Tafel 40: Haltepunkt Schönfeld (Zschopautal)

Der Haltepunkt wurde mit der Eröffnung der Strecke Schönfeld - Geyer 1888 in Betrieb genommen und diente ausschließlich dem Personenverkehr. Anfangs ohne Gebäude in einem Bogen von 100 m Radius errichtet, kam 1912 ein Freiabtritt, Ende der 1920er Jahre auch eine Wartehalle hinzu. Der Freiabort war zur Betriebseinstellung 1967 nicht mehr vorhanden. Nach dem Überqueren der Sehma in Richtung Tannenberg folgte der Anschluss zur Papierfabrik Schönfeld (km 1,4). Der 1911 gegründete Betrieb war einer der bedeutendsten Güterkunden im Thumer Schmalspurnetz. Die Anlagen dieser Anschlussbahn wurden mehrfach erweitert und verfügten 1967 über zwei parallele Gleise sowie drei weitere Stumpf-gleise, die mit sieben Weichen verbunden waren. Anfangs wurden Wagen im Anschluss mit einer Spillanlage bewegt. Seit Anfang der 1960er Jahre standen dafür werkseigene Lokomotiven zur Verfügung. Dafür bestand seit 1965 auch ein Lokschuppen. Nach Stilllegung der Bahn nach Thum blieb der Anschluss zur Papierfabrik und das Streckengleis vom Bahnhof erhalten.
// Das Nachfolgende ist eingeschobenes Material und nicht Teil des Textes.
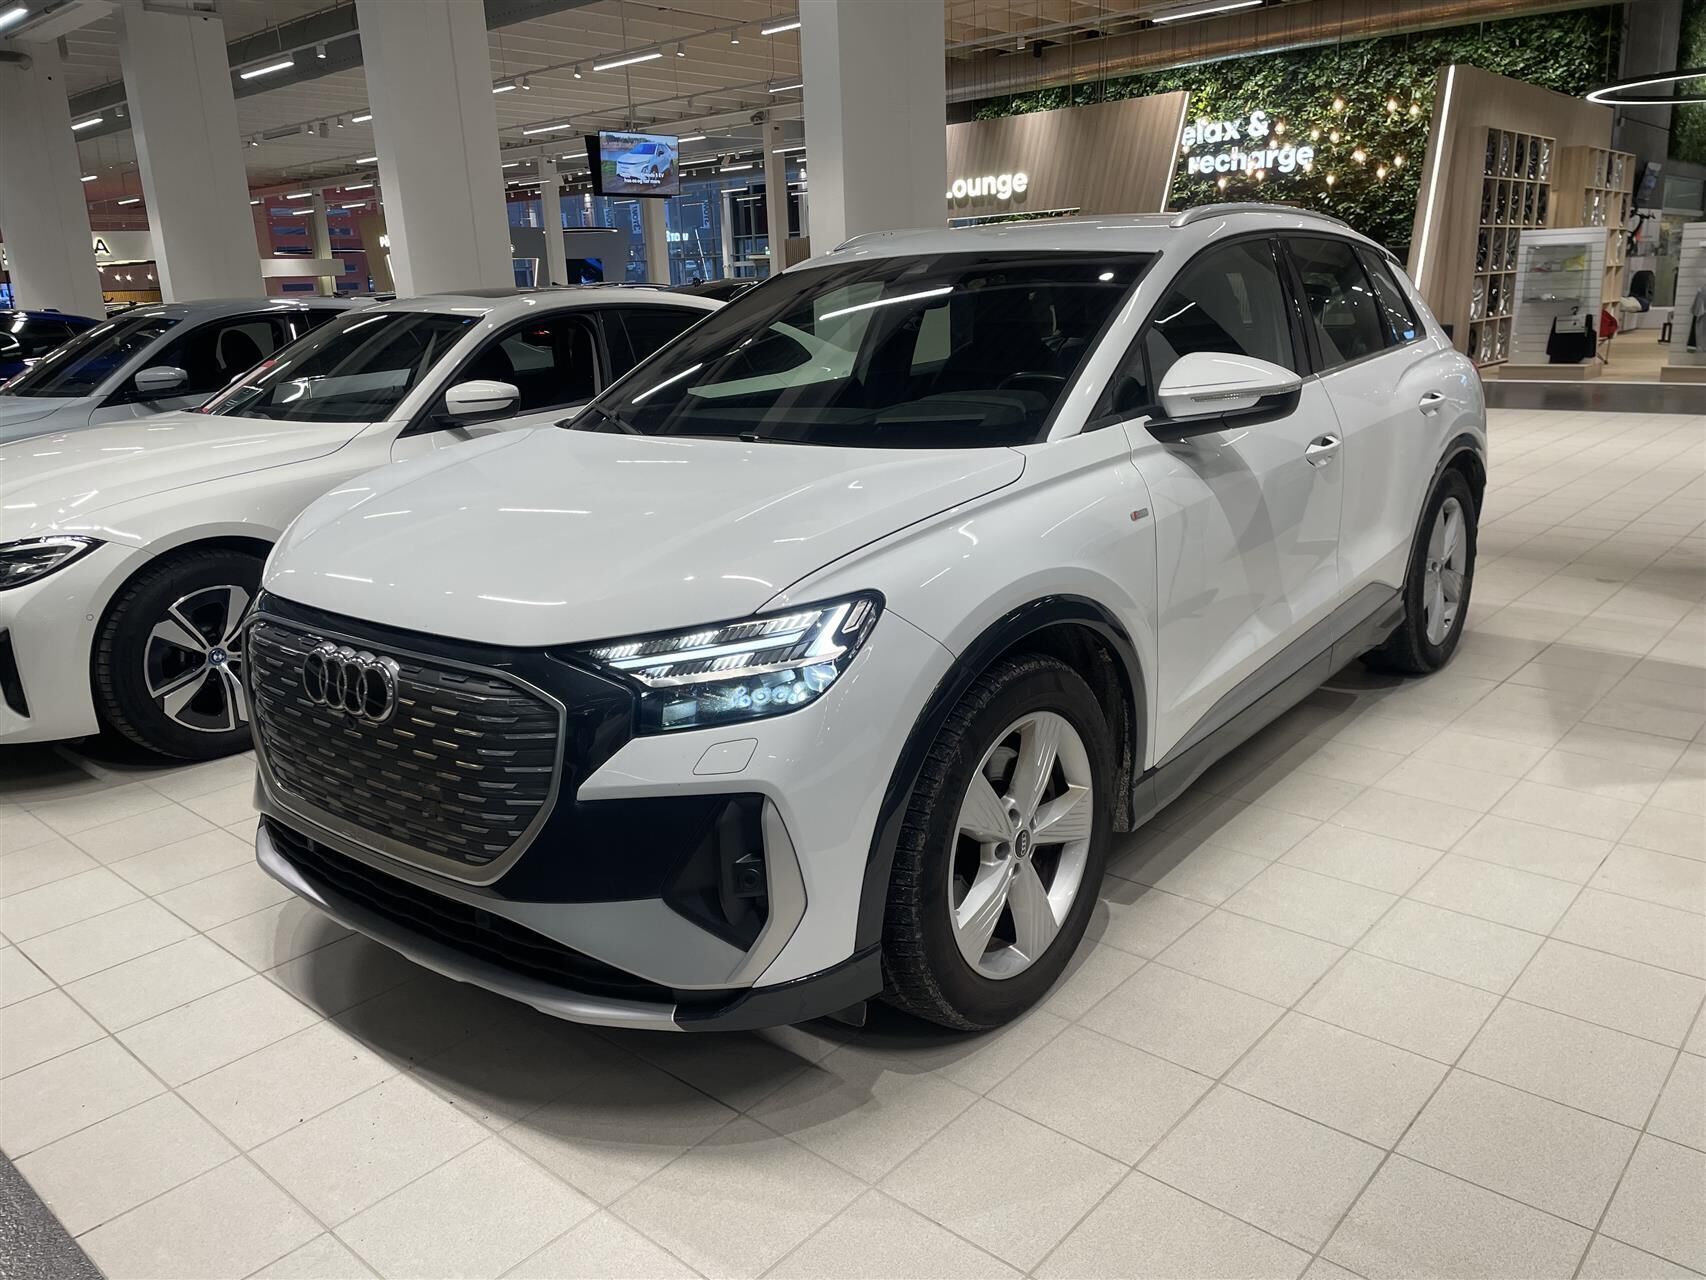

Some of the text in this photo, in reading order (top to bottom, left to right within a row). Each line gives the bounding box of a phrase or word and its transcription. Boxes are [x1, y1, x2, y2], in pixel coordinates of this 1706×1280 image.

[1181, 110, 1270, 146] elax &
[1187, 145, 1315, 175] recharge
Der Anschluss wurde mit eigens in Schönfeld - Wiesa vorgehaltenen Dampflokomotiven weiter mehrmals täglich bedient. Dieser sehr unwirtschaftliche Betrieb endete am 15.4.1985. Danach wurden die Schmalspurgleise in eine normalspurige Anschlussbahn umgebaut. Mitte der 1990er Jahre wurde der Betrieb des Anschlusses eingestellt und die Anlagen abgerissen. Die Dampfspeicherlok auf der Wiese links neben der B95 Richtung Chemnitz erinnert an diese Episode der Eisenbahngeschichte. Nur 500 m weiter Richtung Tannenberg bestand ein weiterer Gleisanschluss, der zur Holzstofffabrik Dietrich führte (km 1,9). Der Anschluss bestand aus zwei Stumpfgleisen und wurde bis 1968 bedient.